### Prompt
Find the line containing "this 1344×1512 image." in the data below and repeat it, along with all later lines, exactly through the last one.

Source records
※

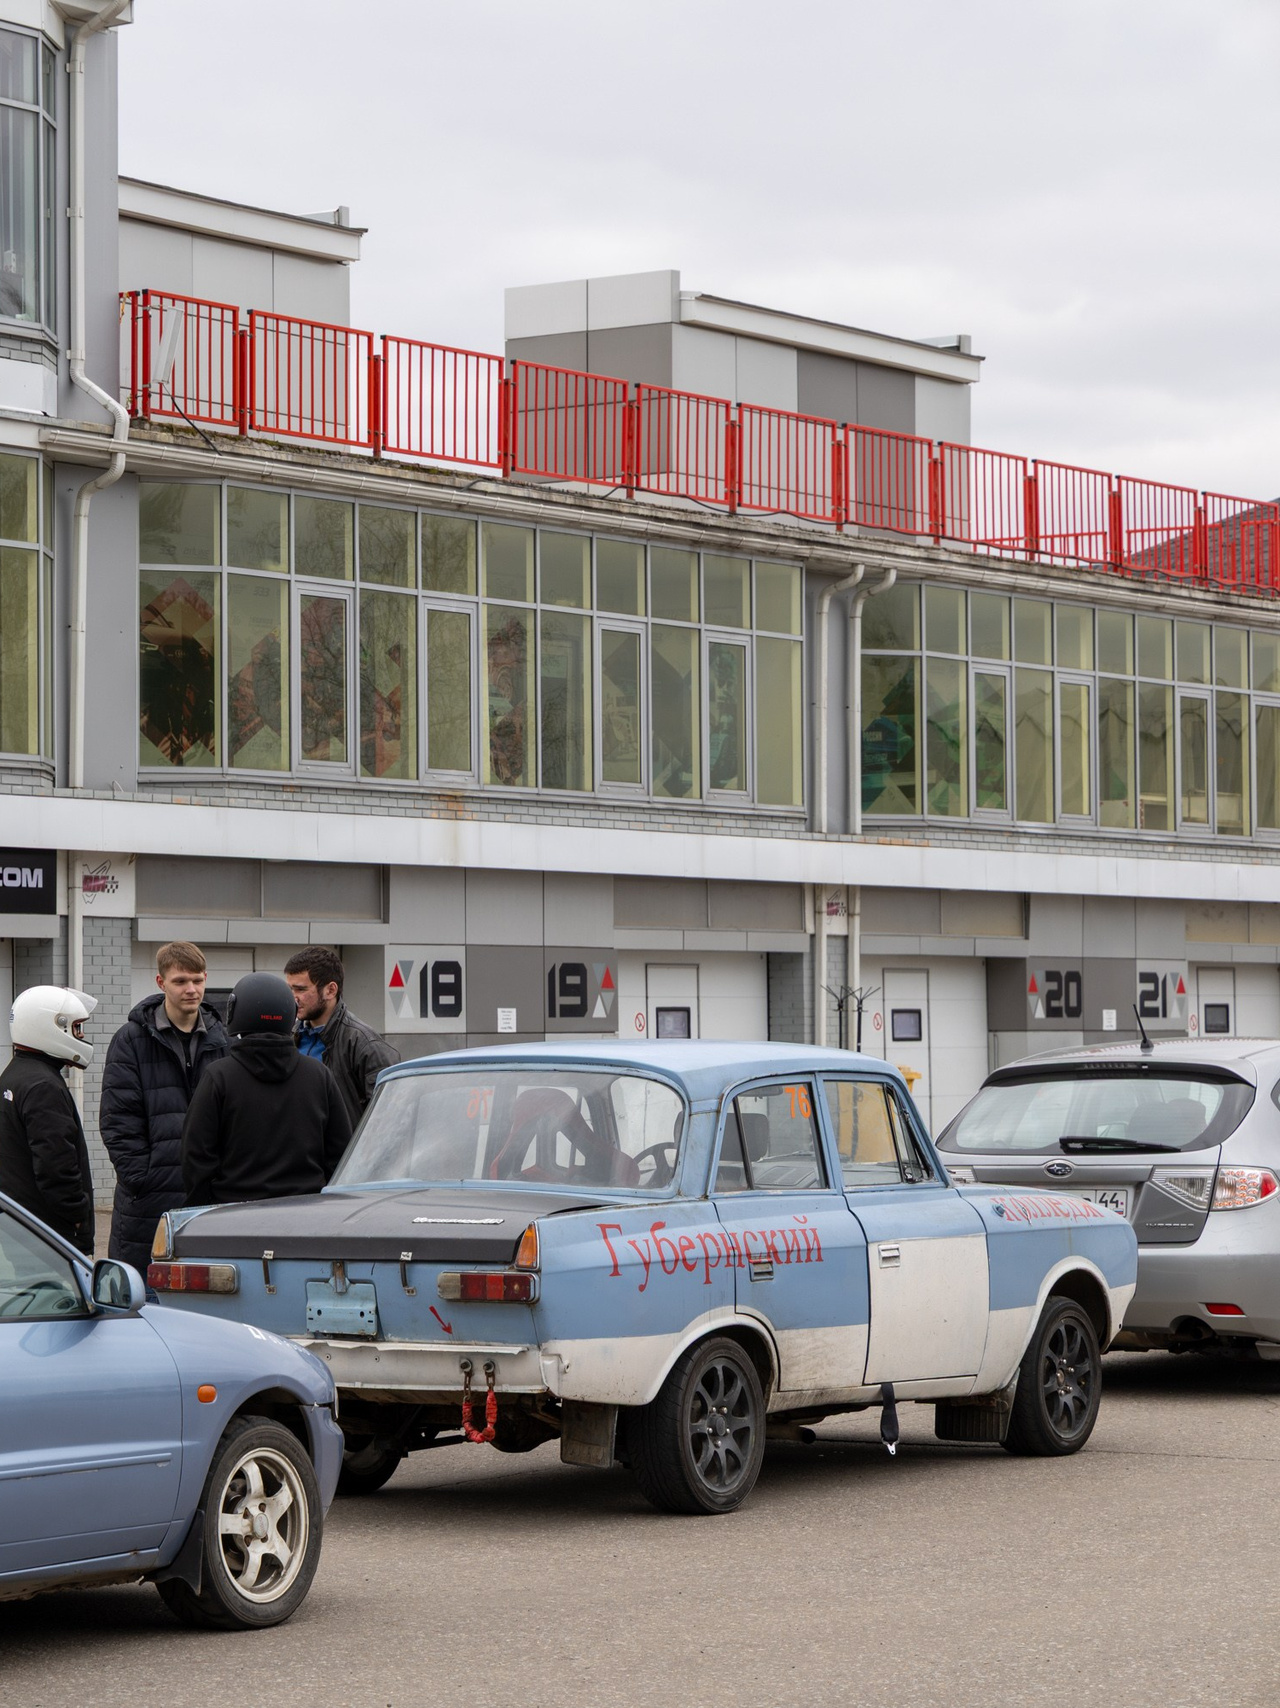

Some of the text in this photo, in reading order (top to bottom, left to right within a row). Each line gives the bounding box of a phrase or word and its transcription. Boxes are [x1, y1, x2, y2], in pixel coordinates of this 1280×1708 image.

[419, 960, 462, 1018] 18
[548, 962, 588, 1018] 19
[1045, 970, 1082, 1018] 20
[1138, 972, 1167, 1018] 21
[784, 1086, 812, 1119] 76
[1098, 1192, 1120, 1209] 44
[596, 1215, 825, 1293] Губернский
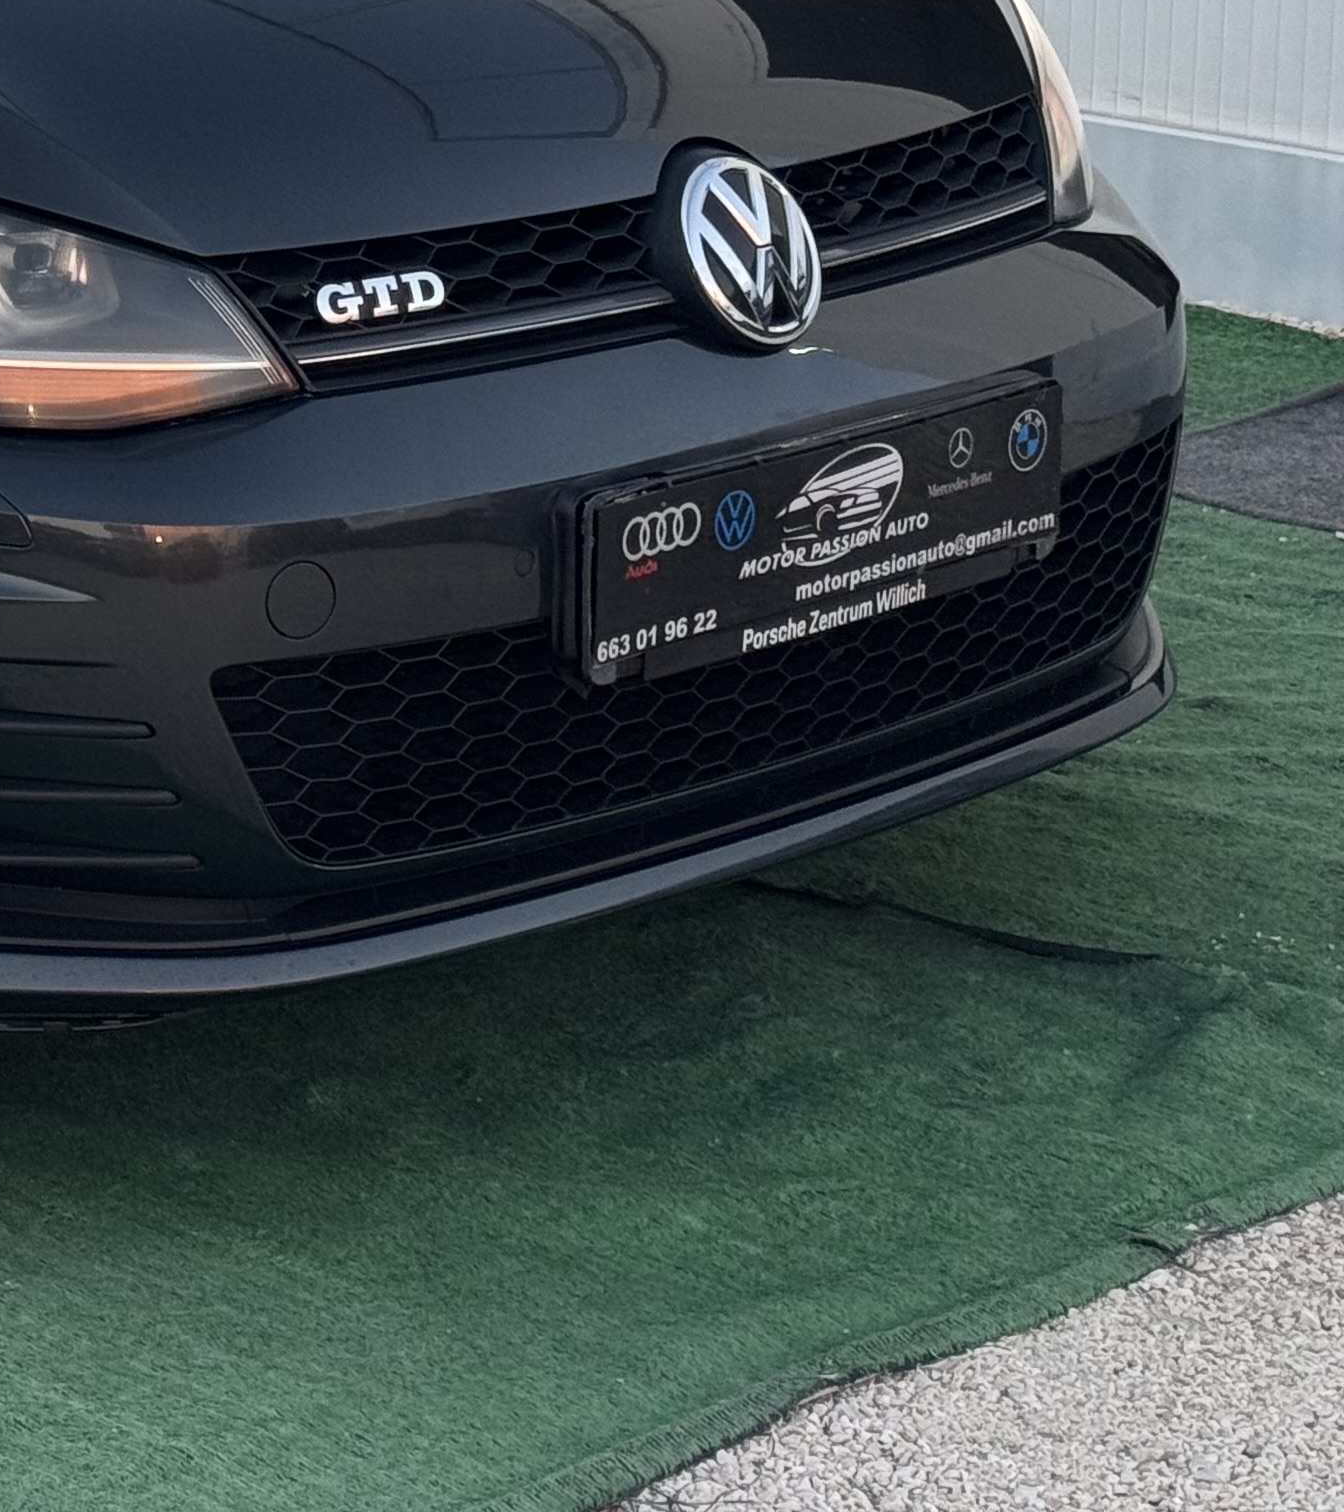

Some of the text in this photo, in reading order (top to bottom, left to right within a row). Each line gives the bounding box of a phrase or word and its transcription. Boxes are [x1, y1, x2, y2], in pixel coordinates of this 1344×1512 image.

[316, 270, 446, 325] GTD
[624, 559, 660, 581] Audi
[737, 511, 930, 581] MOTOR PASSION AUTO
[794, 512, 1056, 602] motorpassionauto@gmail.com
[597, 608, 718, 663] 663 01 96 22
[741, 578, 927, 653] Porsche Zentrum Willich

※

### Response area
Some of the text in this photo, in reading order (top to bottom, left to right within a row). Each line gives the bounding box of a phrase or word and its transcription. Boxes are [x1, y1, x2, y2], in pixel coordinates of this 1344×1512 image.

[316, 270, 446, 325] GTD
[624, 559, 660, 581] Audi
[737, 511, 930, 581] MOTOR PASSION AUTO
[794, 512, 1056, 602] motorpassionauto@gmail.com
[597, 608, 718, 663] 663 01 96 22
[741, 578, 927, 653] Porsche Zentrum Willich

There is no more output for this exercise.